PROMPT:
Copy all the records exactly, but keep the pictures out of your version.

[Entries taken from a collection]

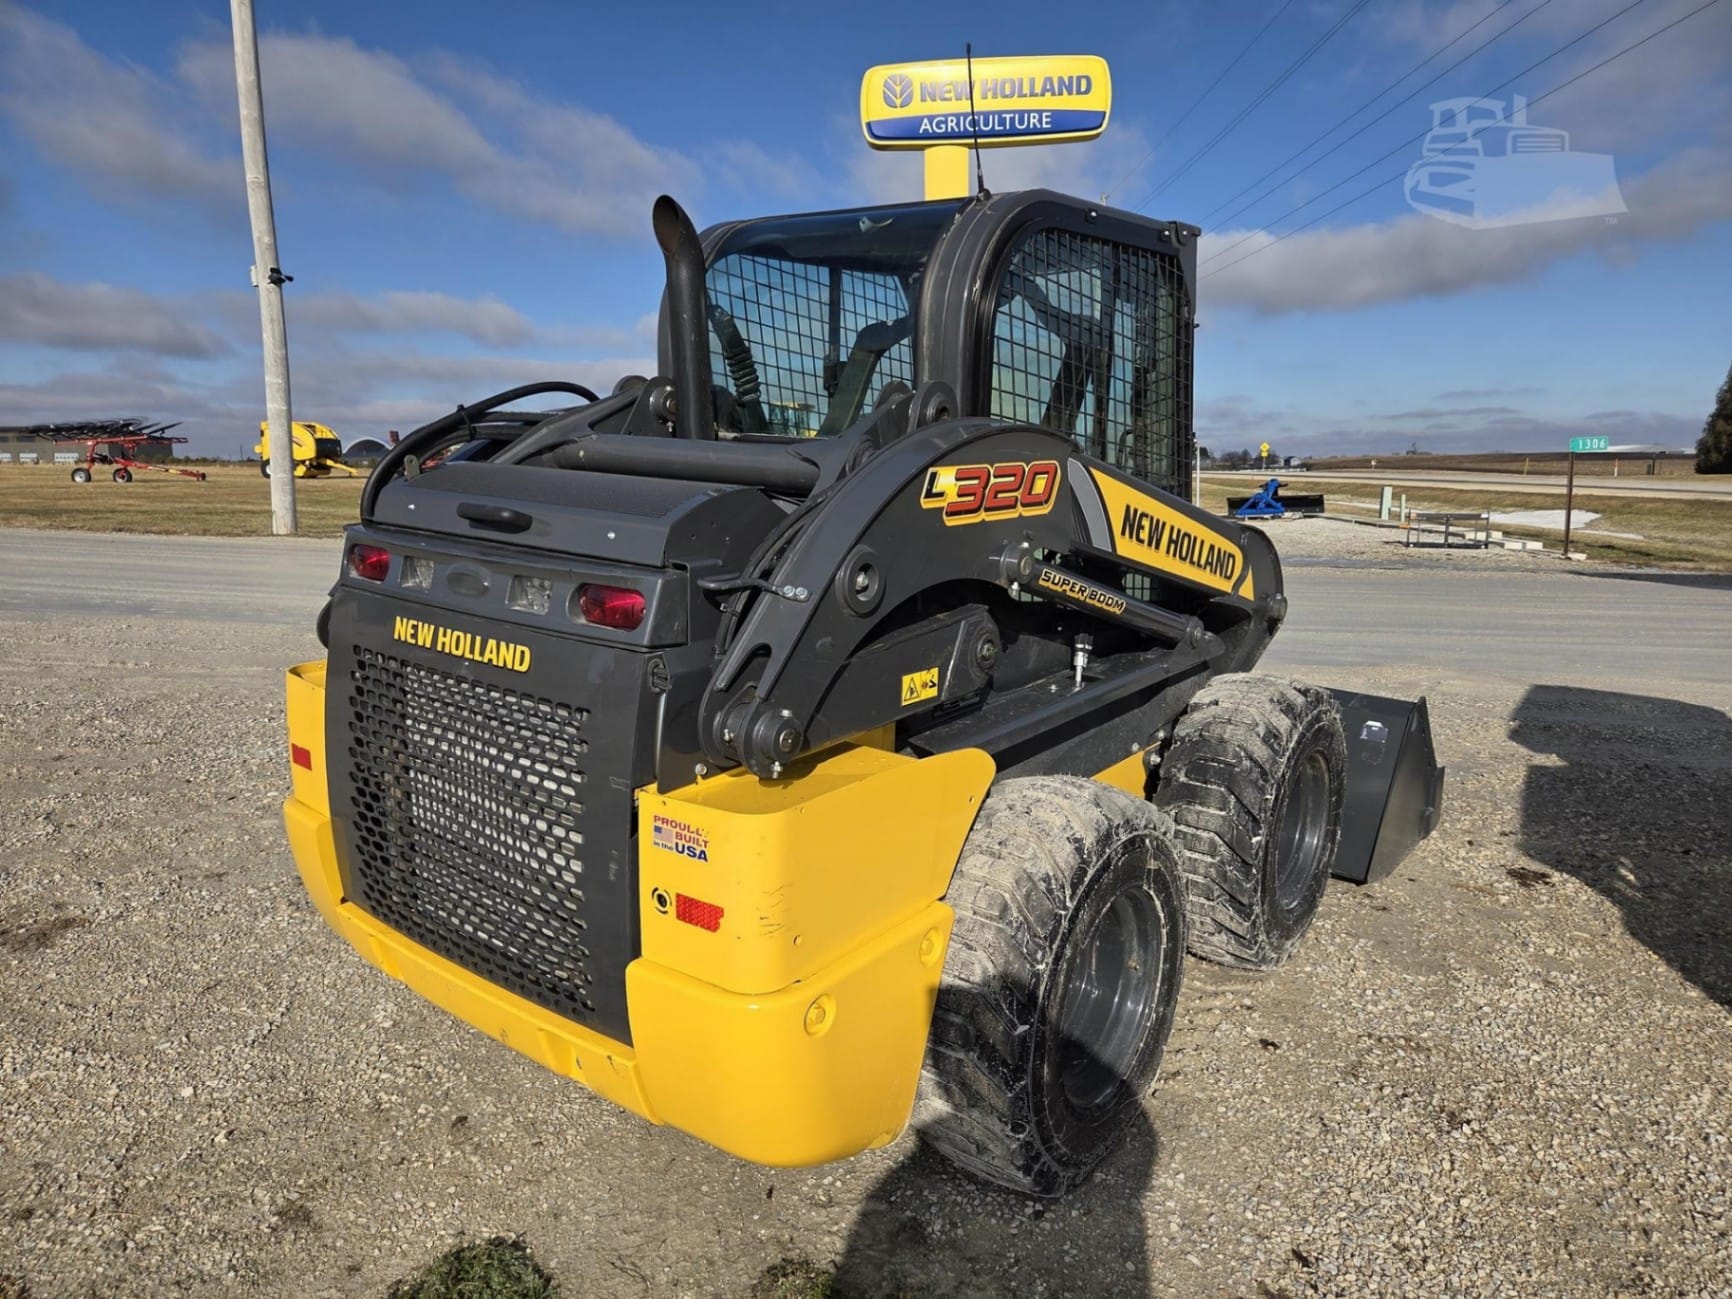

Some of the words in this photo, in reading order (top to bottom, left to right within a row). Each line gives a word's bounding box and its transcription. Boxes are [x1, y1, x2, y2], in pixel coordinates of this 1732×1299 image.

[920, 79, 975, 103] NEW
[980, 75, 1092, 100] HOLLAND
[919, 112, 1052, 134] AGRICULTURE
[1578, 438, 1606, 450] 1306
[922, 461, 1060, 524] L320
[1120, 503, 1166, 551] NEW
[1165, 524, 1236, 580] HOLLAND
[1040, 569, 1089, 599] SUPER
[1088, 587, 1126, 614] BOOM
[393, 615, 435, 649] NEW
[436, 626, 531, 673] HOLLAND
[674, 841, 708, 863] USA
[675, 831, 710, 849] BUILT

SOLUTION TO THE PROBLEM:
Some of the words in this photo, in reading order (top to bottom, left to right within a row). Each line gives a word's bounding box and its transcription. Boxes are [x1, y1, x2, y2], in pixel coordinates of this 1732×1299 image.

[920, 79, 975, 103] NEW
[980, 75, 1092, 100] HOLLAND
[919, 112, 1052, 134] AGRICULTURE
[1578, 438, 1606, 450] 1306
[922, 461, 1060, 524] L320
[1120, 503, 1166, 551] NEW
[1165, 524, 1236, 580] HOLLAND
[1040, 569, 1089, 599] SUPER
[1088, 587, 1126, 614] BOOM
[393, 615, 435, 649] NEW
[436, 626, 531, 673] HOLLAND
[674, 841, 708, 863] USA
[675, 831, 710, 849] BUILT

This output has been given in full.